Complex-plane impedance plots for the HER on a pure (as received) and etched Ni foam electrode surfaces in contact with 0.1 M NaOH, recorded at 298 K for the potential of − 100 mV (vs. RHE). The solid lines correspond to the representation of the data according to the equivalent circuit shown in Fig. 3. b As above, but recorded on Ir-activated Ni foam via electrodeposition of iridium (ED 1 and ED 2) and spontaneous deposition of Ir (SD 1)

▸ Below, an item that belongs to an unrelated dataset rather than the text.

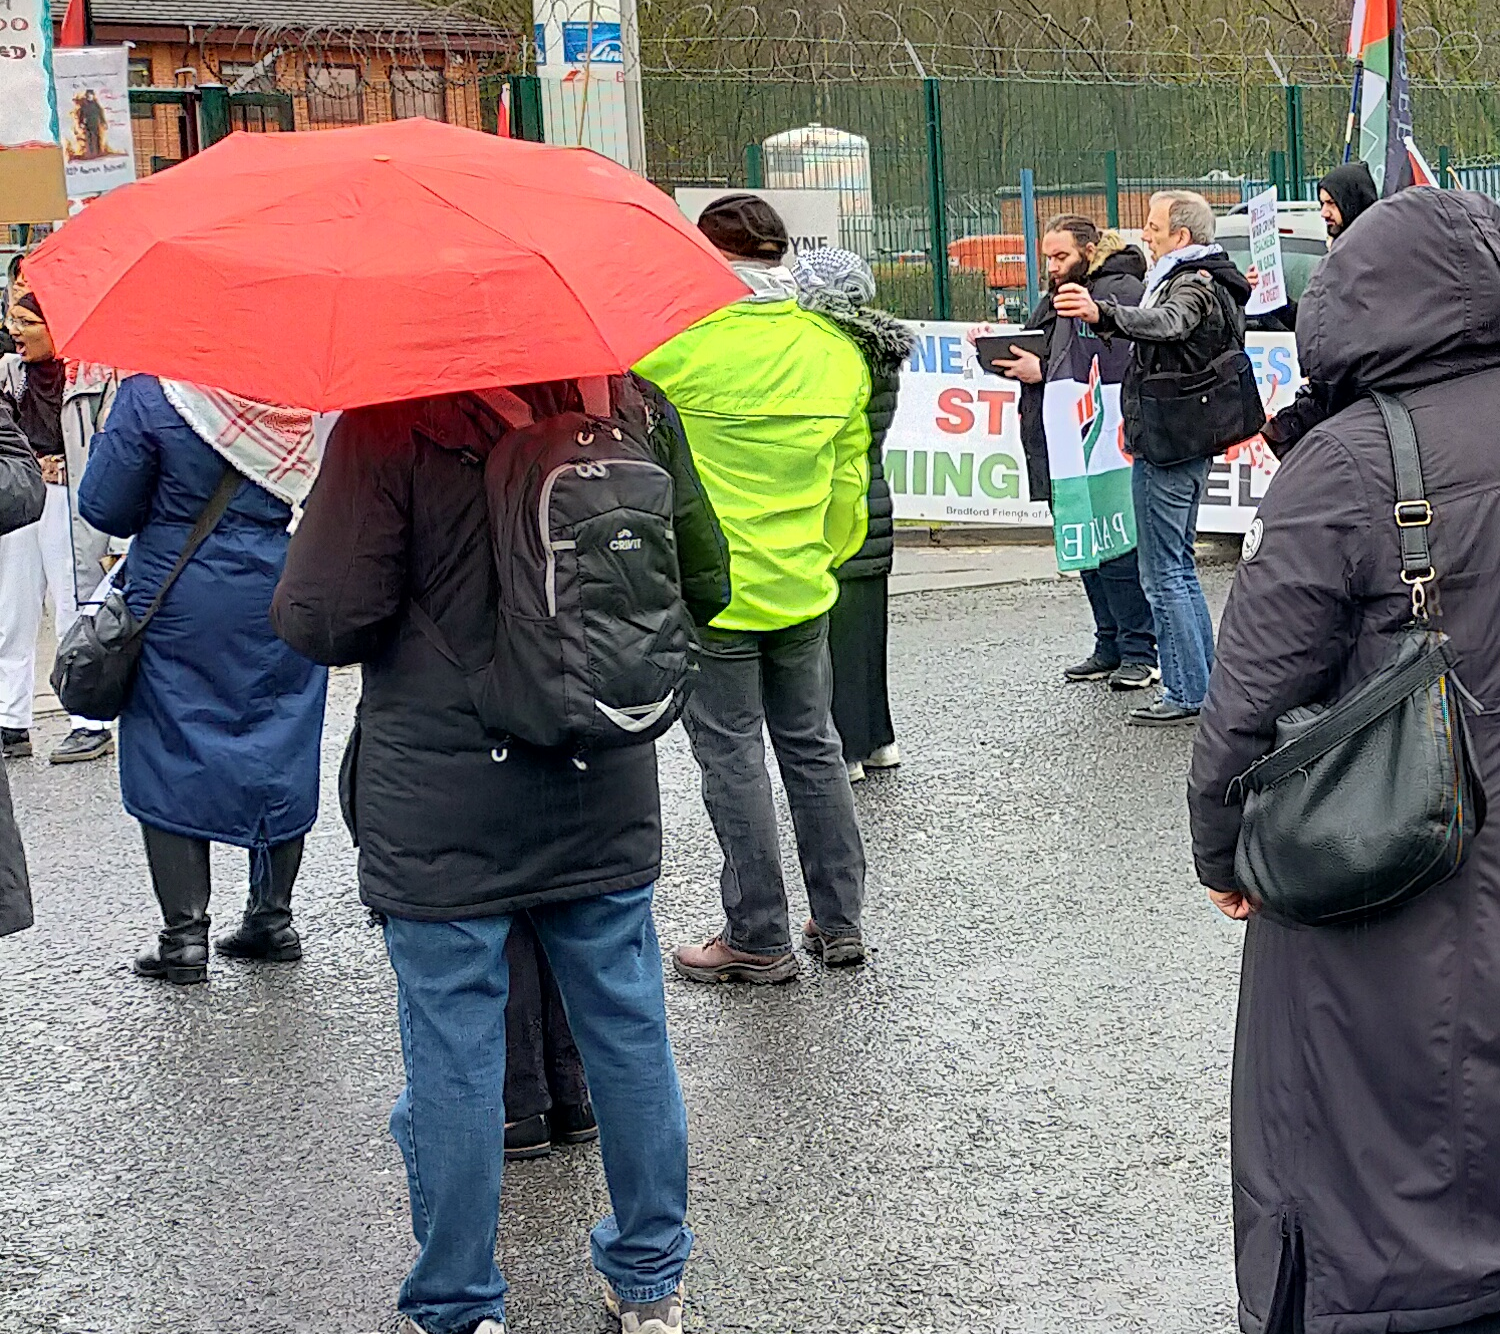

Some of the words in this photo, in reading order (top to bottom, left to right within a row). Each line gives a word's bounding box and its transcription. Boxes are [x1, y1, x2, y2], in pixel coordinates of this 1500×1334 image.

[946, 506, 990, 517] Bradford
[992, 508, 1029, 518] Friends
[1032, 510, 1042, 518] of

Equivalent circuit model used for fitting the impedance data for Ni foam and Ir-activated nickel foam electrode surfaces, obtained in 0.1 M NaOH solution. The circuit includes a constant phase element (CPE) for distributed capacitance; Rct and T (as CPEdl) elements correspond to the HER charge-transfer resistance and double-layer capacitance components, and Rsol is solution resistance
Hence, for the etched Ni foam electrode, the recorded Rct parameter became radically reduced from 923 Ω cm2 at − 100 mV to 42 Ω cm2 at − 400 mV vs. RHE (compare with 1220 vs. 60 Ω cm2 for the as-received nickel foam sample, also with similar results presented by Pierozynski et al. in Table 1 of Ref. [14]). Simultaneously, at two potential extremes, the derived T parameter values came to 120.7 and 46.5 μF cm−2 sφ-1, and 20.4 and 13.2 μF cm−2 sφ-1 for the etched and the as-received Ni foam samples, correspondingly (Table 1). The above behavior is clearly indicative of a remarkable role that the catalyst’s surface development plays in enhancing its electrocatalytic properties (nearly 30% reduction of the Rct parameter in relation to 6.2× increase of the derived T value at the potential of − 100 mV). The latter effect could also be evidenced through detailed analysis of the SEM micrograph pictures presented in Fig. 1 a and b.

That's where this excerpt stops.